Ator virou mobília, diz diretor

Antunes Filho, 62 anos. Um dos diretores mais respeitados do teatro nacional, sempre marcado pela ousadia de experimentar, de reinventar o fazer teatral, ele continua sustentando sua única motivação cênica: o ator.

“Hoje o ator virou mobília”, sentencia. Para Antunes, quem manda no palco é o ator, imbuído de sensibilidade, manifestando sua poética real. “Diretor que não sabe trabalhar ator não é diretor, é design”, alfineta.

Gesticulando, preparando fumo no cachimbo e bastante agitado depois da semana de estréia de “Trono de Sangue”, Antunes recebeu o Diário para entrevista exclusiva, segunda-feira passada, no Centro de Pesquisa Teatral (CPT) do Sesc, São Paulo, onde coordena diversos núcleos de criação, com cursos de montagem, iluminação, cenografia, e outros elementos de teatro.

 

Diário – Como foi o processo de criação de “Trono de Sangue”, realizado paralelamente com as montagens de “Nova Velha Estória” e “Paraíso Zona Norte”?

Antunes Filho – A adaptação de “Macbeth” começou a ser trabalhada há sete meses. Os atores participaram de vários laboratórios. As pesquisas foram voltadas, por exemplo, para a maneira de andar dos séculos 16 e 17. Minhas peças são atemporais. Brinco com os estilos da época nos contextos psicopolíticos, psicossociais e psicoeconômicos. Há também pesquisas realizadas em livros. A coisa mais fundamental da vida é o imaginário. A verdade do imaginário é muito mais profunda que a verdade histórica.

 

Diário – Apesar de clássicos, o Sr. anunciou uma montagem antimuseu, mais uma vez jogando com experiências cênicas.

Antunes – “Trono” resgata a cultura do ator brasileiro. É, antes de tudo, uma homenagem que presto ao ator de costumes Jaime Costa, pela atuação em “Caixeiro Viajante”, e à atriz Glauce Rocha, a única que vi interpretando Shakespeare como se fosse ela mesma; não recitava, brotava do seu organismo. Por outro lado, a peça é uma ruptura, porque faço uma experiência estética onde, além de usar o cinema, recorro à força centrifuga. Tiro o ator do centro do palco e coloco nas paredes, abrindo a cena. Uma espécie de poética da parede. É como o momento que o Brasil atravessa, vivemos emparedados, com medo, receio.

 

Diário – Explica um pouco como se dá essa valorização do ator.

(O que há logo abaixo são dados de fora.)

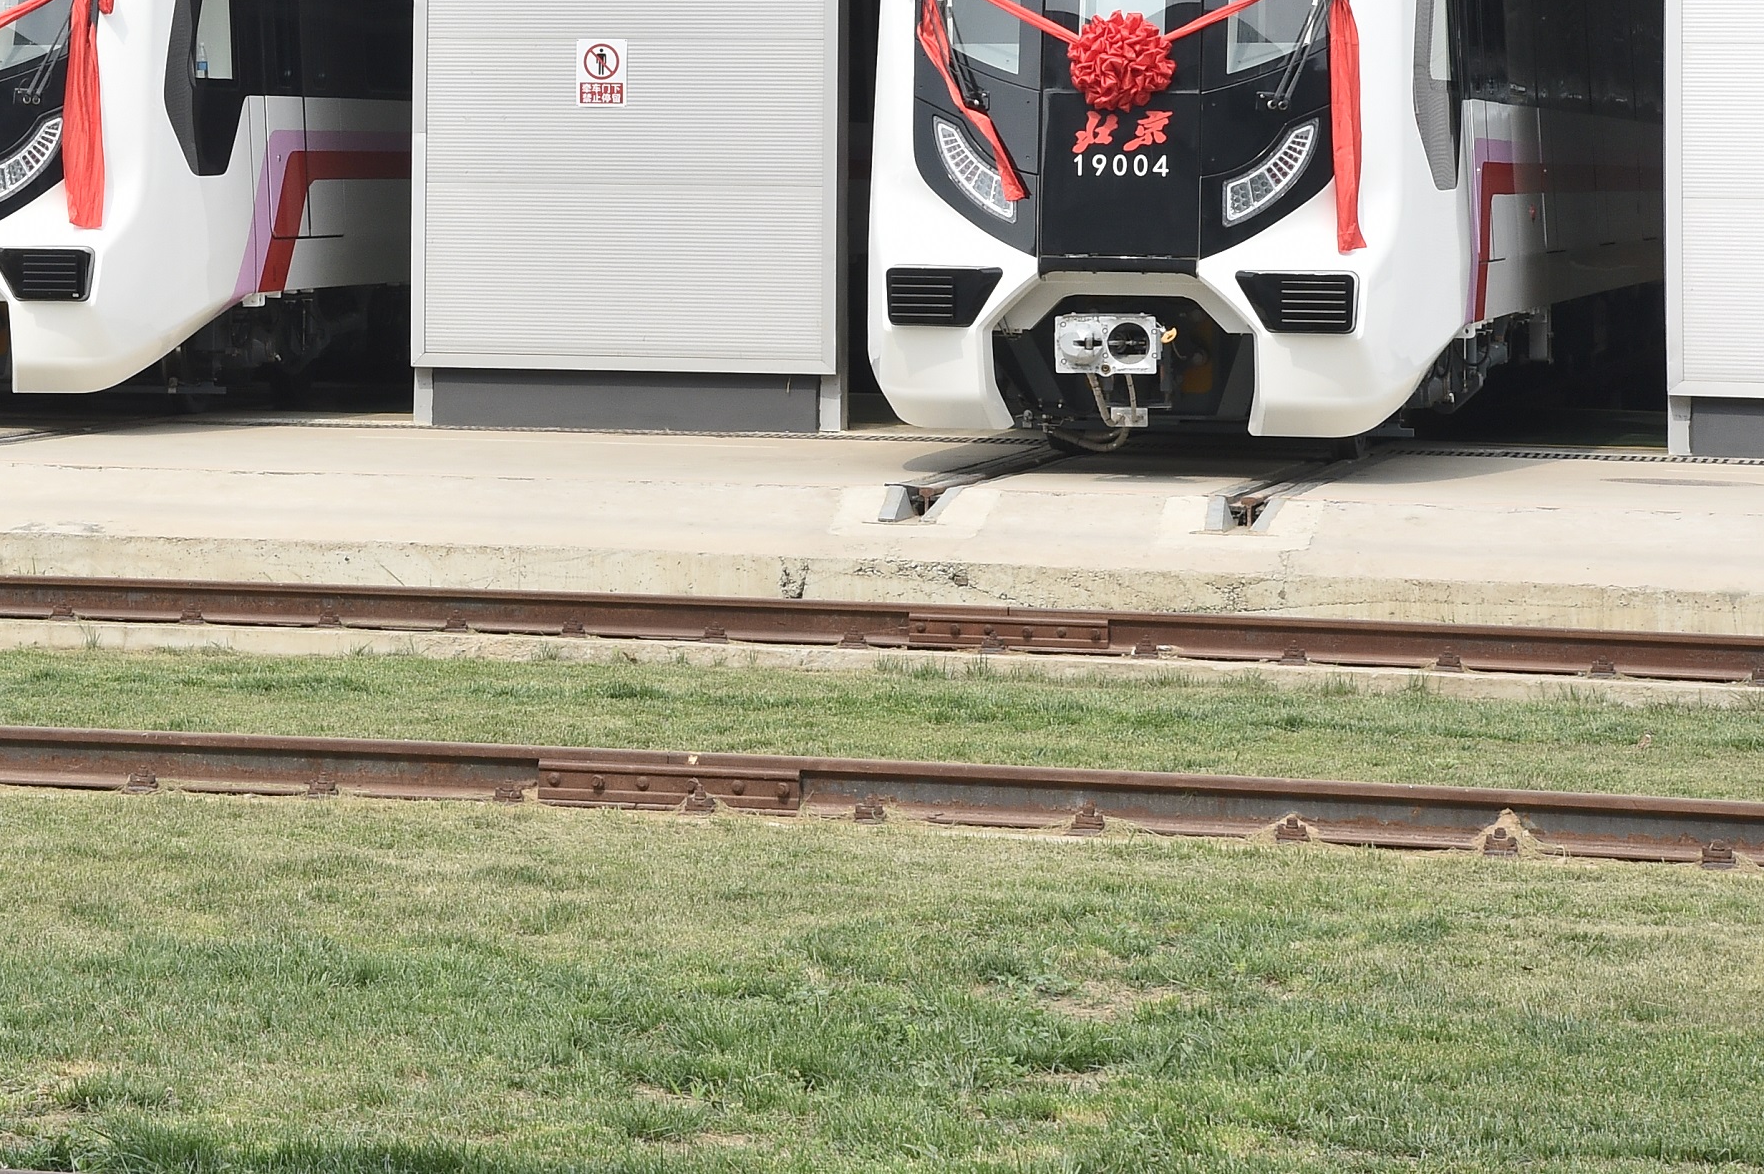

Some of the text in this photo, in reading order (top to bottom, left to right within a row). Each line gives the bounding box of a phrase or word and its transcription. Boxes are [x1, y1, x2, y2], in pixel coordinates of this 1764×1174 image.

[582, 93, 621, 103] 禁止停留
[1072, 111, 1173, 154] 北京
[1073, 154, 1170, 177] 19004

Antunes – Diretor de teatro tem que saber lidar com ator. Quem manda no palco é o ator. O diretor deve apenas ajudá-lo a encontra sua poética. Hoje, os diretores são verdadeiros filhotes da ditadura no palco. Tenho fama de ser o sacristão, o ditador. Mas é o contrário. Só porque quero disciplina no CPT muitos confundem ditadura. Exijo aspectos essenciais para a constituição de liberdade. Se não tenho base, um sistema, então tenho libertinagem.

 

Diário – Nas últimas entrevistas o Sr. tem falado bastante do ator comediante. Não poupa sequer críticas aos atores de novela.

Antunes – Para mim, existem três categorias de ator. O primeiro é o de comédia de costumes, uma corruptela do que se vê nos programas de humor na TV. O segundo é o ator dramático, aquele que fica confinado ao texto e não vai além do que o autor escreve. E, por fim, o comediante. É aquele que pesquisa, propõe novos modelos culturais, não vive de pré-concepções. O ator comediante está afastado de tudo, fica acima da comunidade humana. Olha de cima e desce para fazer teatro, contar histórias, ajudar os homens. Ele prefere a sensibilidade à emoção.

 

Diário – Por que uma nova visita a Shakespeare?

Antunes – Só montei Shakespeare porque é um autor da minha época. Não faria para cultuar o museu shakespeariano. Faço um Shakespeare brasileiro, de 1992.

 

Diário – Qual a avaliação que o Sr. faz das peças montadas atualmente?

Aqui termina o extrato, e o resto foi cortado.